Load-shedding: Diesel costs increased to R8.8 million in 1Q24 (8.8x y/y) though the monthly run rate has slowed from R2.9m (Mar-May) to R1.3m in June 2023. The improved energy availability into June has seen a reduction in the proportion of sales made during load-shedding hours. As a result, loadshedding relief provided to franchisees (energy breaks) amounted to R8.83m (leading brands – royalties R4.2m and marketing fees R4.2m, Signature brands – royalties R270k and marketing fees R160k). Therefore, we expect reduced levels of load-shedding to boost marketing fees and royalties, supporting topline growth.
Brands SA (c. 15% of group revenue) was soft, up +7% y/y. Management notes that leading brands division (+9% y/y) was marginally below expectations as QSR was dragged by load-shedding. Casual dining is improving, but evening dining frequency has slowed. Signature brands continues to underperform (-1% y/y) increasing the possibility of potential disposals (SBGSe cumulative valuation c. R100m – R250m at best).
Supply Chain (c. 69% of group revenue) achieved double-digit growth (+12% y/y), supported by manufacturing (+14% y/y) and logistics (+9% y/y) supported by volume growth. Marketing Fees were softer at +7% y/y with Retail up 61% y/y.
International markets (UK and AME) performed well, delivering 20% y/y growth. We believe AME was supported by store growth, and management aims to increase their expansion in the Middle East region.
Our assumptions remain unchanged - we believe FBR's fundamentals remain intact.
- FBR benefits from strong brand resonance, fostering loyalty, even amid high competition.
- Healthy cash flow generation coupled with debt reduction is expected to support the balance sheet health and dividend resumption to boost shareholder returns.
- Although additional support to franchisees could indicate a challenging economic environment, we do not see the current concessions as significantly alarming.

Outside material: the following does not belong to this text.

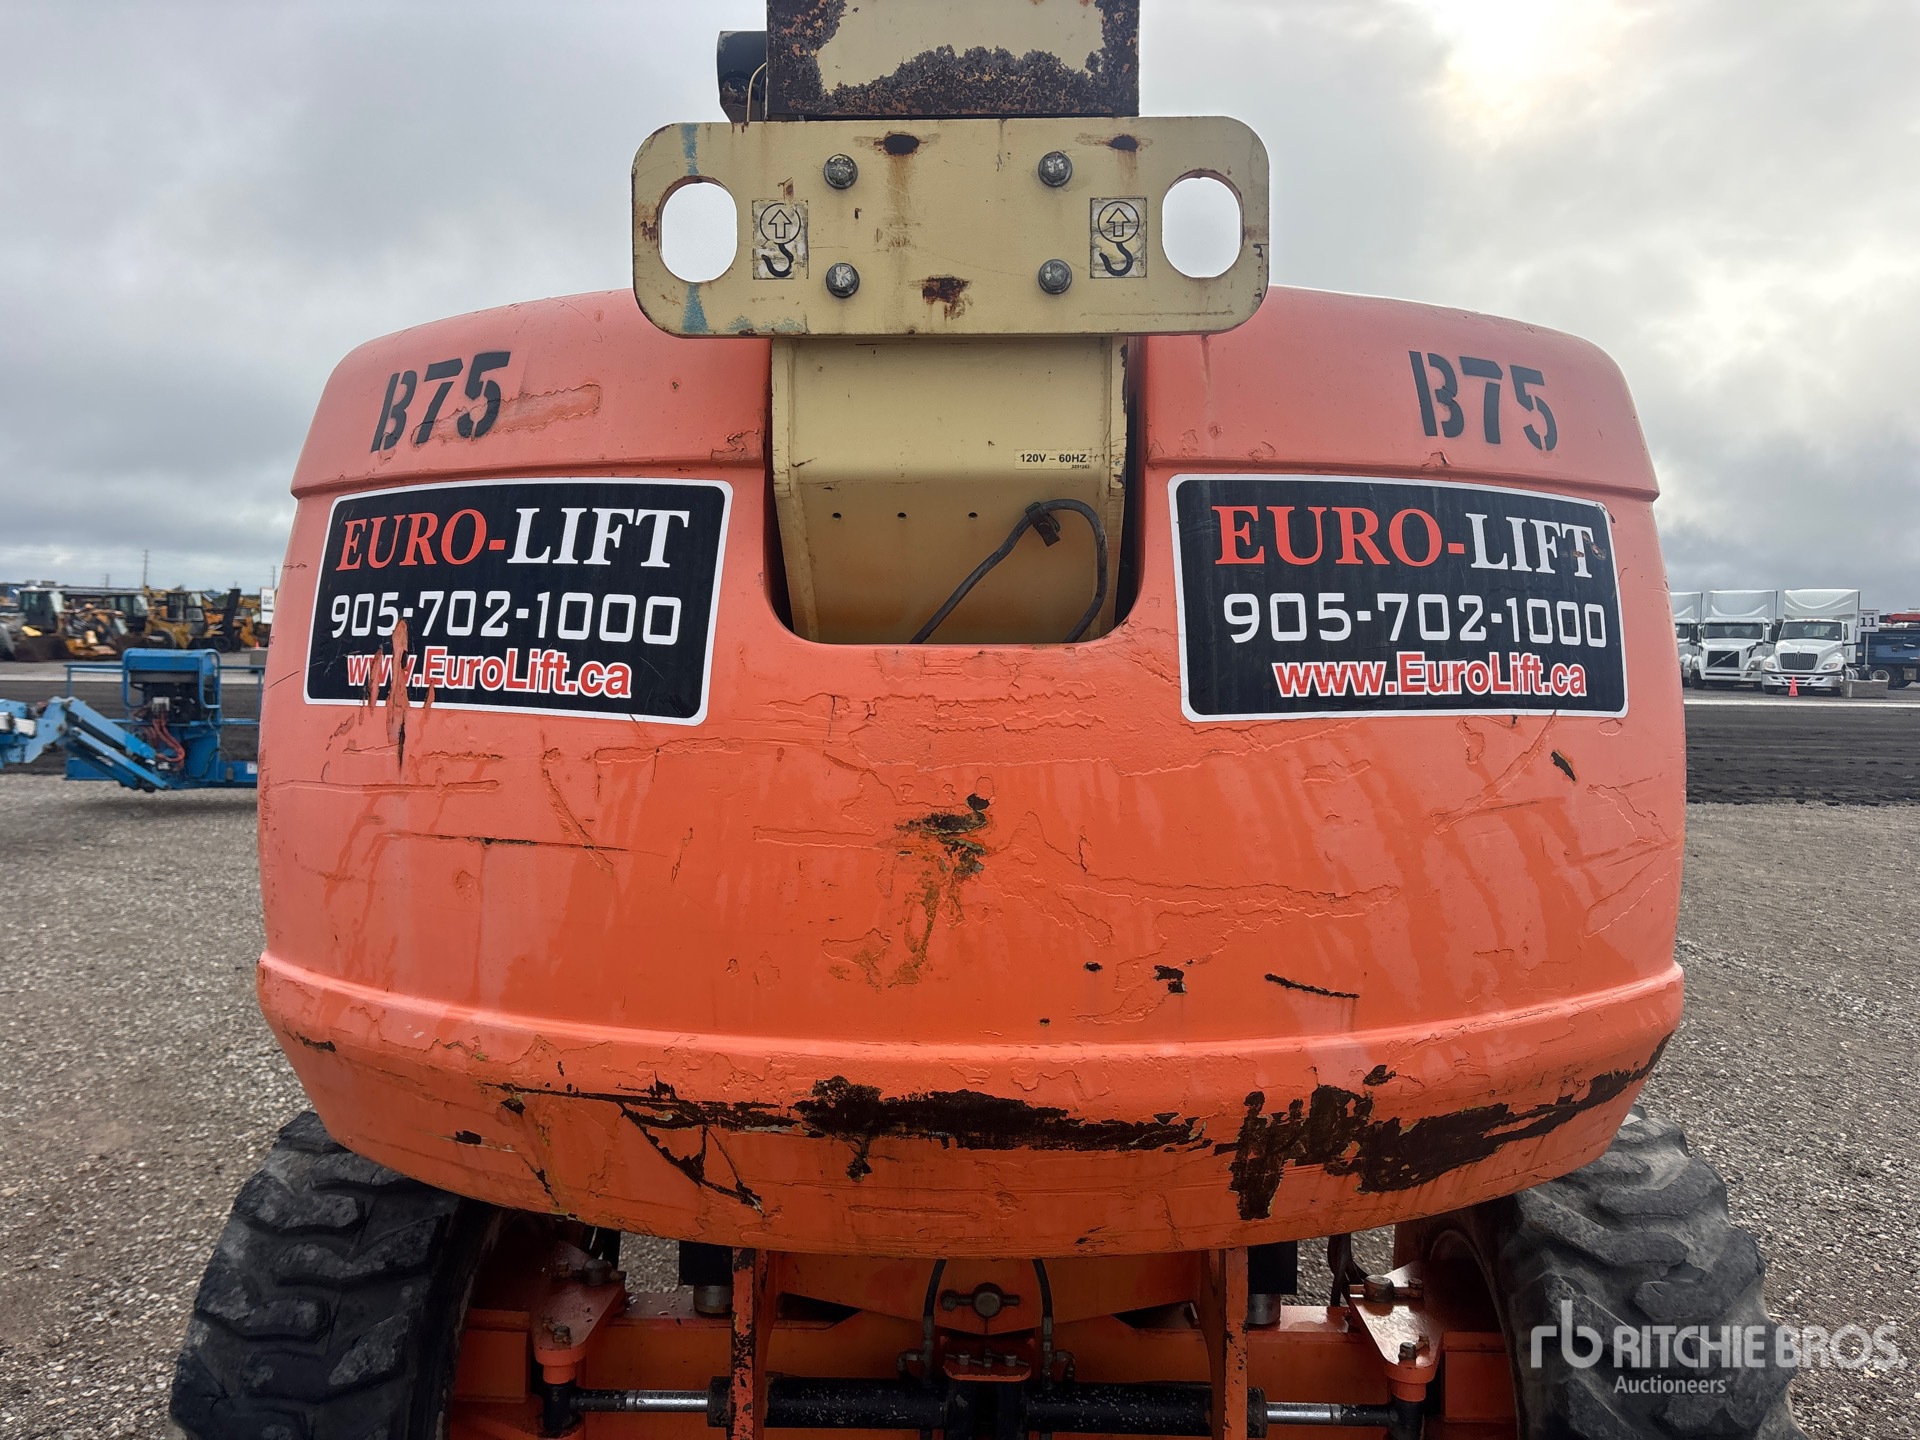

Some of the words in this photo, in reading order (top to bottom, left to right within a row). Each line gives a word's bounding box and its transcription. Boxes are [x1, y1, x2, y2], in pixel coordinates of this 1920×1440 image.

- Management's commitment to sustain store rollouts in South Africa in FY24 suggests potential opportunities.
Therefore, considering the anticipated improvement in load-shedding and decelerating inflation, we expect improved demand and reduced margin pressure. In our view, management is likely understating the potential positive impact to volumes due to load-shedding, considering the relatively high inflationary environment which should ordinarily negatively impact volume growth.